Service discovery is how applications and (micro)services locate each other on a network. Service discovery implementations include both:

  1. a central server (or servers) that maintain a global view of addresses and
  2. clients that connect to the central server to update and retrieve addresses.

Service discovery tools

The main objective of service discovery tools is to help services find and talk to one another. In order to perform their duty they need to know where each service is. The concept is not new and many tools existed long before Docker was born. However, containers brought the need for such tools to a completely new level.

Why do we need a service discovery mechanism?

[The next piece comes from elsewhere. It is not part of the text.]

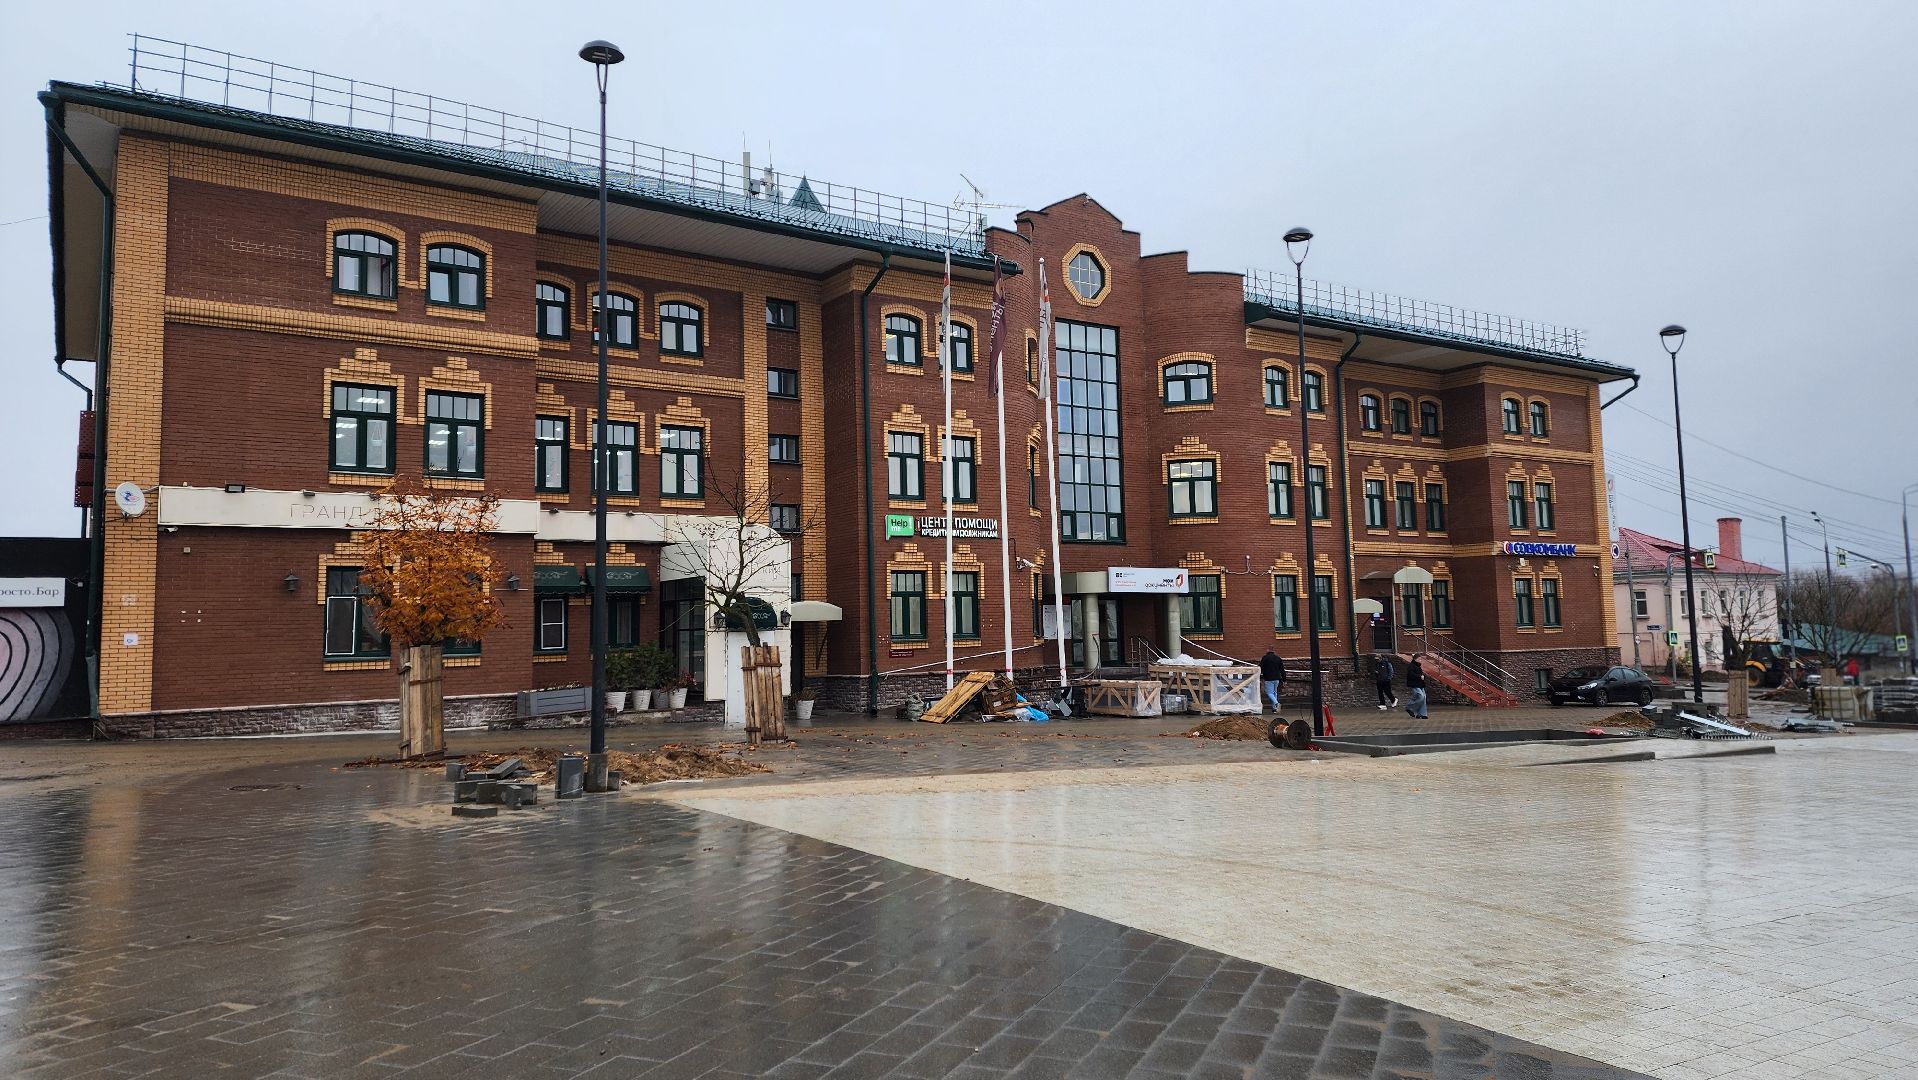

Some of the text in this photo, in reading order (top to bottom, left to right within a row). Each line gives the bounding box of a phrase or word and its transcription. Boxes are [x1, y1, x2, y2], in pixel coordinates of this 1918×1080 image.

[290, 503, 363, 521] ГРАНД
[921, 516, 998, 531] ЦЕНТ ПОМОЩИ
[1513, 542, 1577, 556] СОВКОМБАНК
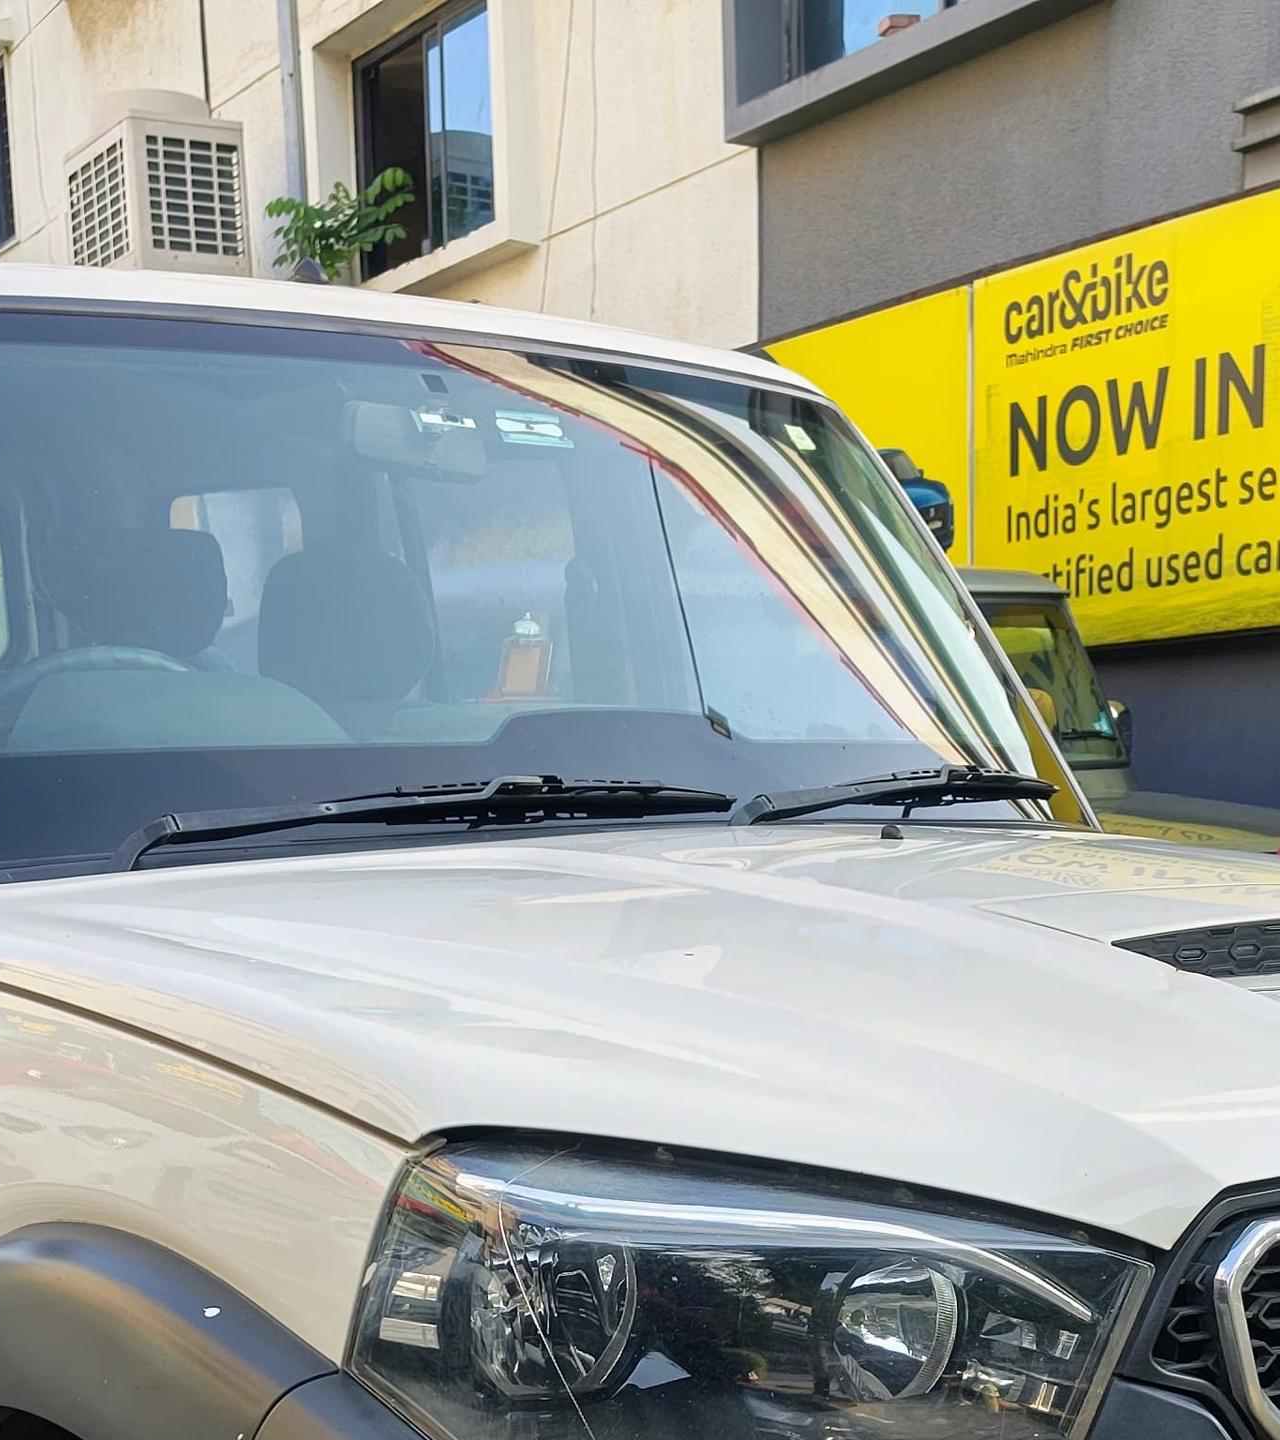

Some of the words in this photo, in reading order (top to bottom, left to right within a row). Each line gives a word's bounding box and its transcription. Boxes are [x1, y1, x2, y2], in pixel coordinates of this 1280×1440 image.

  • Get and set dynamic configuration across a distributed system:
    • This is perhaps the most pressing problem that we need to solve.
    • An SCM tool like Puppet/Anisble are great for managing static configurations but they are too heavy for dynamic changes.
  • Service registration:
    • We need to be able to spin up a track and have services make themselves visible via DNS.
    • This would be useful primarily outside of production where we would want to regularly spin up and destroy tracks.
    • That said, we don’t have a highly-distributed and elastic architecture so we could get by without this for a while.
  • Service discovery:
    • Services must be able to determine which host to talk to for a particular service.
    • This may not be as important for production if we have a loadbalancer. In fact, a loadbalancer would be more transparent to our existing apps as they work at the IP level.
    • That said, we don’t have a highly-distributed and elastic architecture so we could get by without this for a while.

Comparison

1. etcd

  • Pros:
    • Service discovery involves listing the keys under a directory and then waiting for changes on the directory. Since the API is HTTP based, the client application keeps a long-polling connection open with the Etcd cluster.
    • Has been around for longer than Consul. 150% more github watches/stars.
    • 3 times as many contributors (i.e. more eyes) and forks on github.
  • Cons:
    • There are claims that the Raft implementation used by Etcd (go-raft) is not quite right (unverified).
    • Immature, but by the time its use is under consideration in production, it should have reached 1.0.
    • Serving DNS records from Etcd may require a separate service/process (verify):

2. consul

  • Pros:
    • Has more high-level features like service monitoring.
    • There is another project out of Hashicorp that will read/set environment variable for processes from Consul.
    • Better documentation.
      • I had an easier time installing and configuring this over Etcd, not that Etcd was particularly hard. Docs make all the difference.
      • Stuff like this makes me want to shed a tear. I commend the KIDS at Hashicorp.
    • You can make DSN queries directly against Consul agent! Nice! No need for SkyDNS or Helix
    • We can add arbitrary checks! Nice, if we are into that sort of thing.
    • Understands the notion of a datacenter. Each cluster is confined to datacenter but the cluster is able to communicate with other datacenters/clusters.
      • At Skybox, we might use this feature to separate docker tracks, even if they live on same host.
    • It has a rudimentary web UI
  • Cons:
    • There are claims that Consul’s implementation of Raft is better (unverified).
    • Immature. Even younger than Etcd (though there are no reason to believe that there are problems with it).

Conclusions

Service discovery is arguably the first piece of infrastructure you should adopt when moving to microservices. When choosing your service discovery architecture, make sure you consider the following key areas:

  • What is the best strategy for deploying service discovery clients?
  • What types of resources and services will you ultimately want to address in your service discovery system?
  • What languages and platforms need to be supported?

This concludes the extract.